Metrics such as these allow employers to make necessary adjustments to their stretching programs before signs of failure occur. These results raise the possibility that perhaps the overall success of a workplace stretching initiative depends not only on the structure and specific type of stretches employees perform, but also on the metrics utilized to track success.

References
1. Fenety, et al.; "Short Term Effects of Workstation Exercises on Musculoskeletal Discomfort and Postural Changes in Seated Video Display Unit Workers," Physical Therapy, Vol. 82, No. 6, June 2002.

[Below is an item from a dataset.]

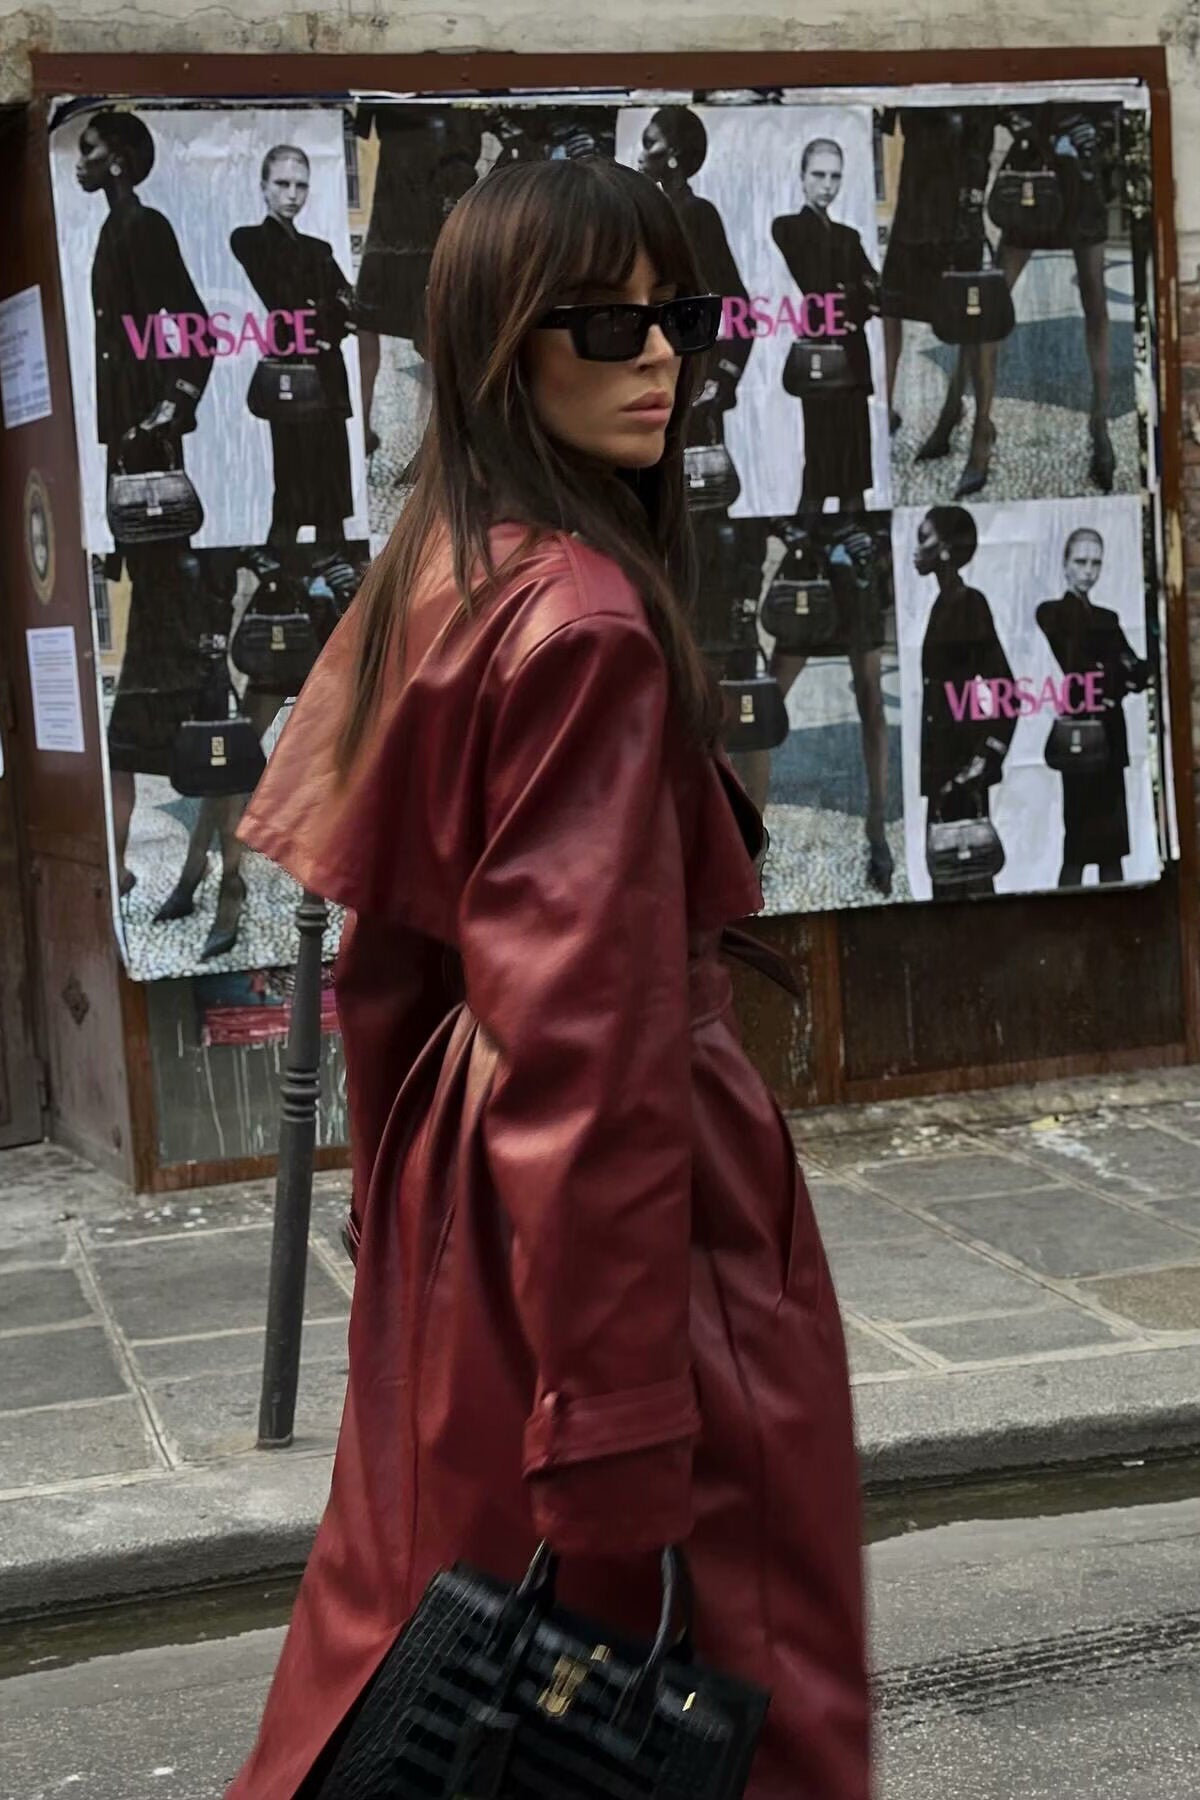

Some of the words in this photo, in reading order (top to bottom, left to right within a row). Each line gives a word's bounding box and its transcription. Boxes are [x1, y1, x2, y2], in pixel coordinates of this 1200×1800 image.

[121, 309, 320, 360] VERSACE
[715, 291, 848, 341] RSACE
[943, 671, 1106, 722] VERSACE

2. Hansford, P.; et al.: "Blood Flow Changes at the Wrist in Manual Workers after Preventative Interventions," Journal of Hand Surgery, 1968.
3. Amako M., et al.: "Effect of Static Stretching on Prevention of Injuries for Military Recruits," Mil Med 2003,168(6):442-6.
4. Hebert, L; "Preventive Stretching Exercises for the Workplace," Orthopedic Practice, Vol. 11, April 1999.
5. Taylor, D.C., et al; "Viscoelastic Properties of Muscle-Tendon Units: The Biomechanical Effects of Stretching," American Journal of Sports Medicine Vol. 18, No. 3, 1990.
6. Hess, J. et al.; "Stretching at Work for Injury Prevention: Issues, Evidence, and Recommendations," Applied Occupational and Environmental Hygiene, Vol. 18 No. 5, 2003.
7. DeCosta B., Vieira E., "Stretching To Reduce Work-Related Musculoskeletal Disorders: A Systematic Review," Journal Rehabilitation Medicine 2008; 40: 321-328.